For this exercise, copy out each line of the material below that includes "MEAL".

┌──

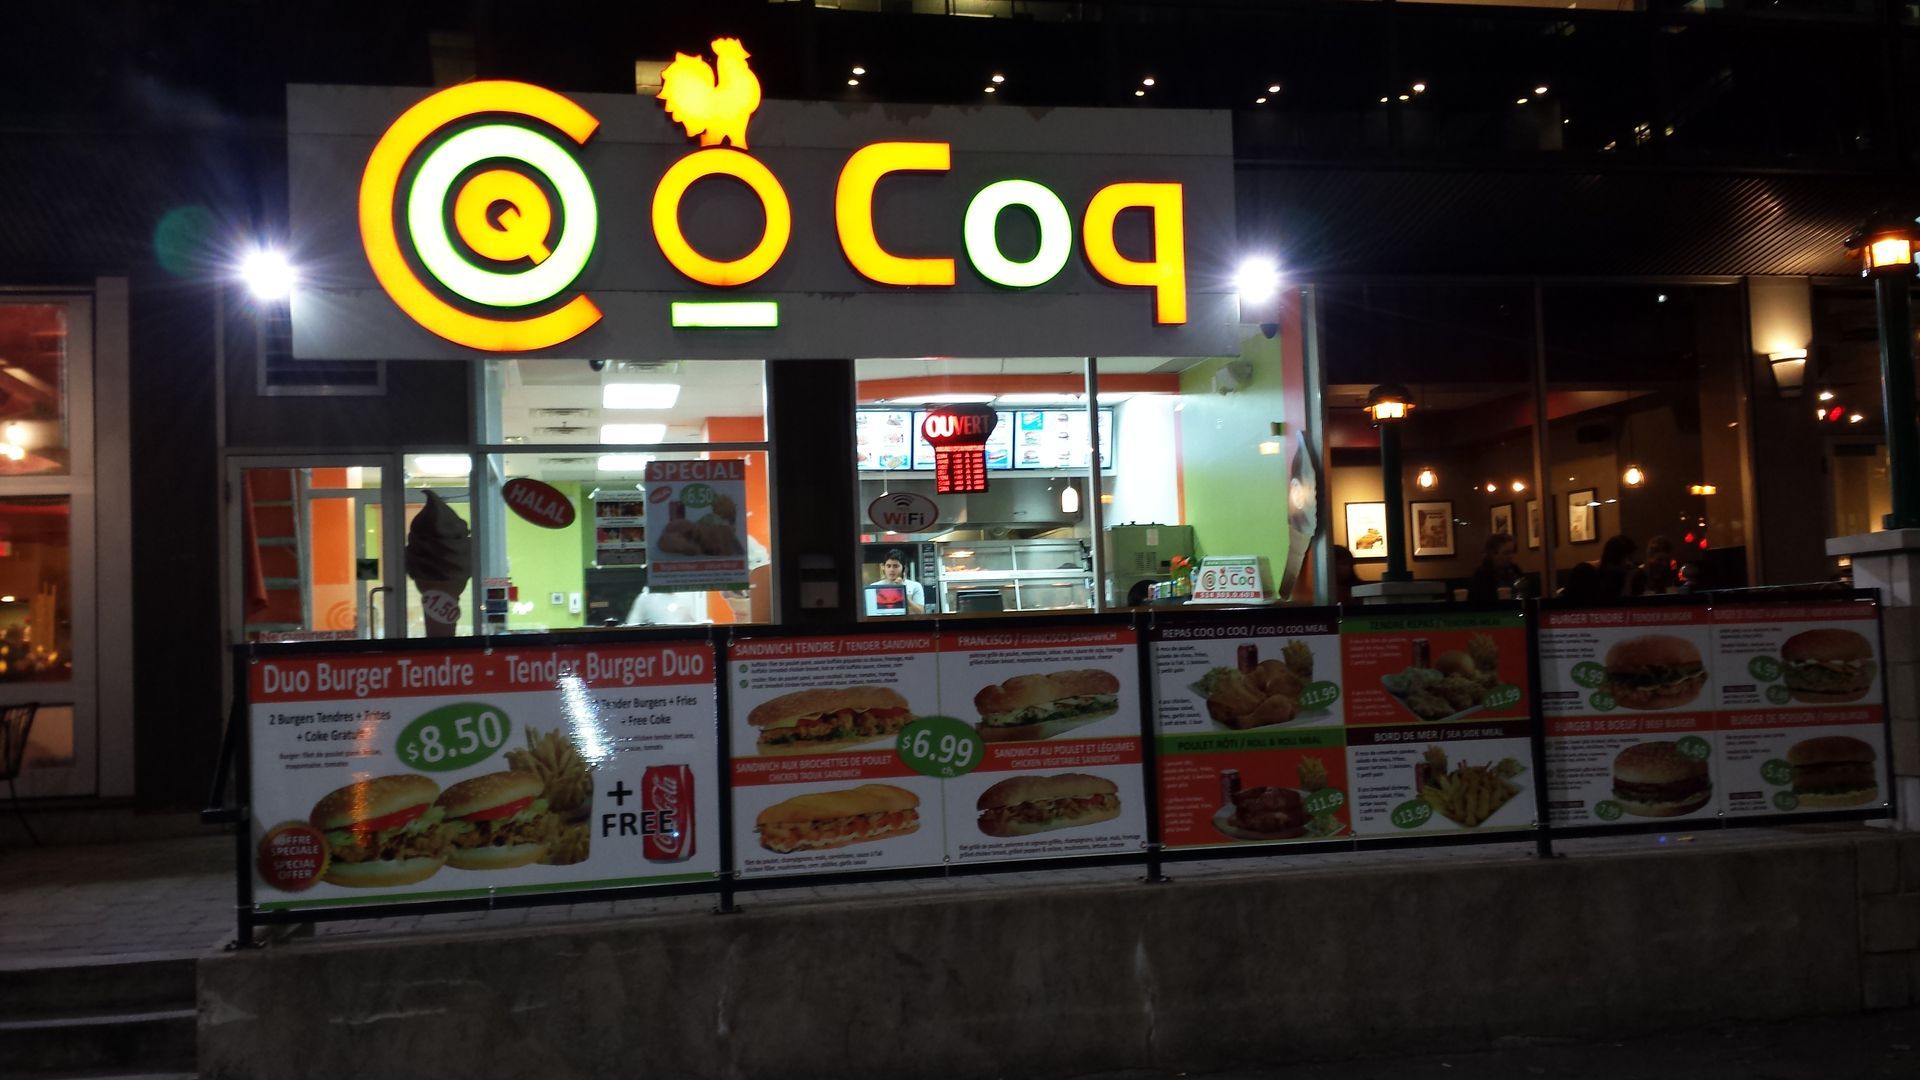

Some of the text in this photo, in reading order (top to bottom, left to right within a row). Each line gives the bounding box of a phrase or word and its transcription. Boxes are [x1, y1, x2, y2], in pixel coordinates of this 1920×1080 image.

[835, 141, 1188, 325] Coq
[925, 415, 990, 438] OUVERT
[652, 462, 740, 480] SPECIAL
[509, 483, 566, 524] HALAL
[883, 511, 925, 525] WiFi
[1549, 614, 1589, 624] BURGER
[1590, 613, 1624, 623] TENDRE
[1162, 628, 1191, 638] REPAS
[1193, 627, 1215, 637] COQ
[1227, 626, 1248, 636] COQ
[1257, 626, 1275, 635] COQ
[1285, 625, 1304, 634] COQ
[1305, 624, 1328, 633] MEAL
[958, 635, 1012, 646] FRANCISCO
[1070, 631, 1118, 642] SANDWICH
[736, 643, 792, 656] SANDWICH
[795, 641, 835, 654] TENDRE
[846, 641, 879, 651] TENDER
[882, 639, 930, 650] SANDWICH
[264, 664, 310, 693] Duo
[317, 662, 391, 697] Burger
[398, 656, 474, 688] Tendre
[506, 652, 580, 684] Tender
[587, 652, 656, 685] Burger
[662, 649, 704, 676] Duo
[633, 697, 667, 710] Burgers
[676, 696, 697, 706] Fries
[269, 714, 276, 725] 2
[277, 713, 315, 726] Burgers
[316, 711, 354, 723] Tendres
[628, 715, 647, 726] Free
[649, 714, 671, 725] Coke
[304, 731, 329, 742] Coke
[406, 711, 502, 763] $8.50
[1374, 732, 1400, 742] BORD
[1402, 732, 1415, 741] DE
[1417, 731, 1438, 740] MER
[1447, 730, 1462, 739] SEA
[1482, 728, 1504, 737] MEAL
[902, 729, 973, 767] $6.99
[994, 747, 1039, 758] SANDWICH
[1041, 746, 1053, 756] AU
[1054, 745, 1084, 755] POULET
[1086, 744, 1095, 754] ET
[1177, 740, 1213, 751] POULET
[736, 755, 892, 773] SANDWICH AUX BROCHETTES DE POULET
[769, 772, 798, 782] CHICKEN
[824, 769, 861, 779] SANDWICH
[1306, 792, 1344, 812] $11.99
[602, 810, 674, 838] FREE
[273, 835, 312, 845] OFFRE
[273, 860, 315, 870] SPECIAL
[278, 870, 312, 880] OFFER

└──

▶ _REPLY TO THE EXERCISE_
[1305, 624, 1328, 633] MEAL
[1482, 728, 1504, 737] MEAL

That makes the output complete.